▸ **Exercise aim**: Repeat the listing below verbatim, without its images.

▸ **Source data**:
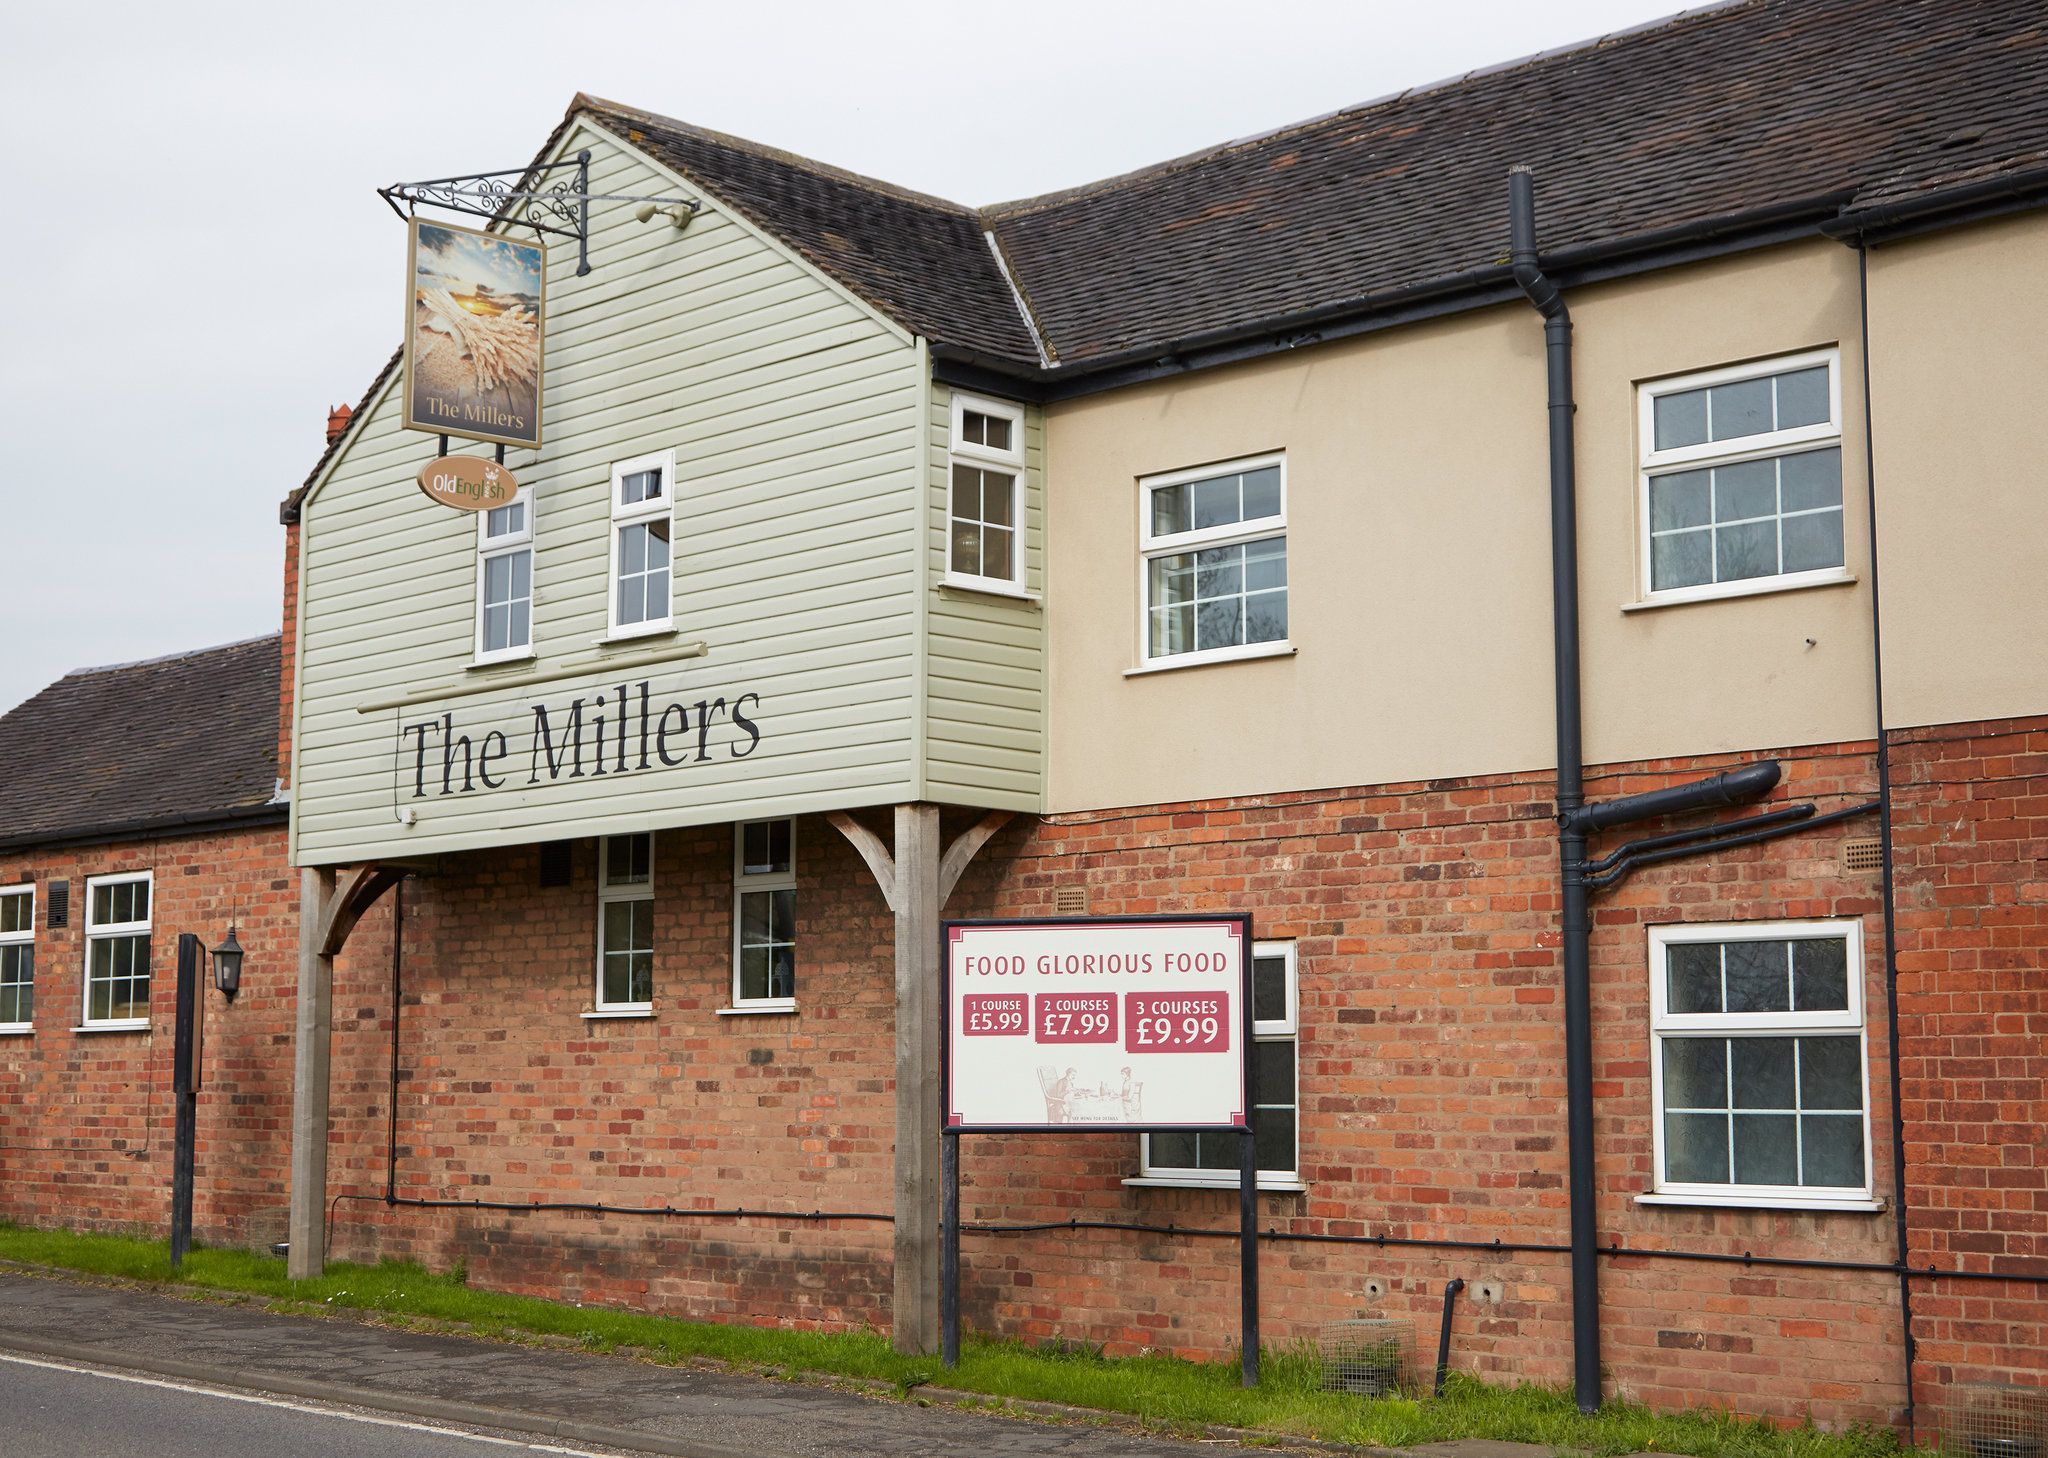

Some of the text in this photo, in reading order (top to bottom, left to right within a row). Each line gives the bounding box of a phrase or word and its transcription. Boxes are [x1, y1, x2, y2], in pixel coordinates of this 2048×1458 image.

[426, 396, 524, 429] The Millers
[402, 680, 760, 798] The Millers
[965, 951, 1228, 976] FOOD GLORIOUS FOOD
[971, 1000, 1022, 1011] 1 COURSE
[1044, 999, 1109, 1012] 2 COURSES
[1136, 1000, 1218, 1015] 3 COURSES
[969, 1012, 1022, 1031] £5.99
[1043, 1013, 1110, 1036] £7.99
[1136, 1017, 1219, 1045] £9.99

▸ **Solution**:
Some of the text in this photo, in reading order (top to bottom, left to right within a row). Each line gives the bounding box of a phrase or word and its transcription. Boxes are [x1, y1, x2, y2], in pixel coordinates of this 2048×1458 image.

[426, 396, 524, 429] The Millers
[402, 680, 760, 798] The Millers
[965, 951, 1228, 976] FOOD GLORIOUS FOOD
[971, 1000, 1022, 1011] 1 COURSE
[1044, 999, 1109, 1012] 2 COURSES
[1136, 1000, 1218, 1015] 3 COURSES
[969, 1012, 1022, 1031] £5.99
[1043, 1013, 1110, 1036] £7.99
[1136, 1017, 1219, 1045] £9.99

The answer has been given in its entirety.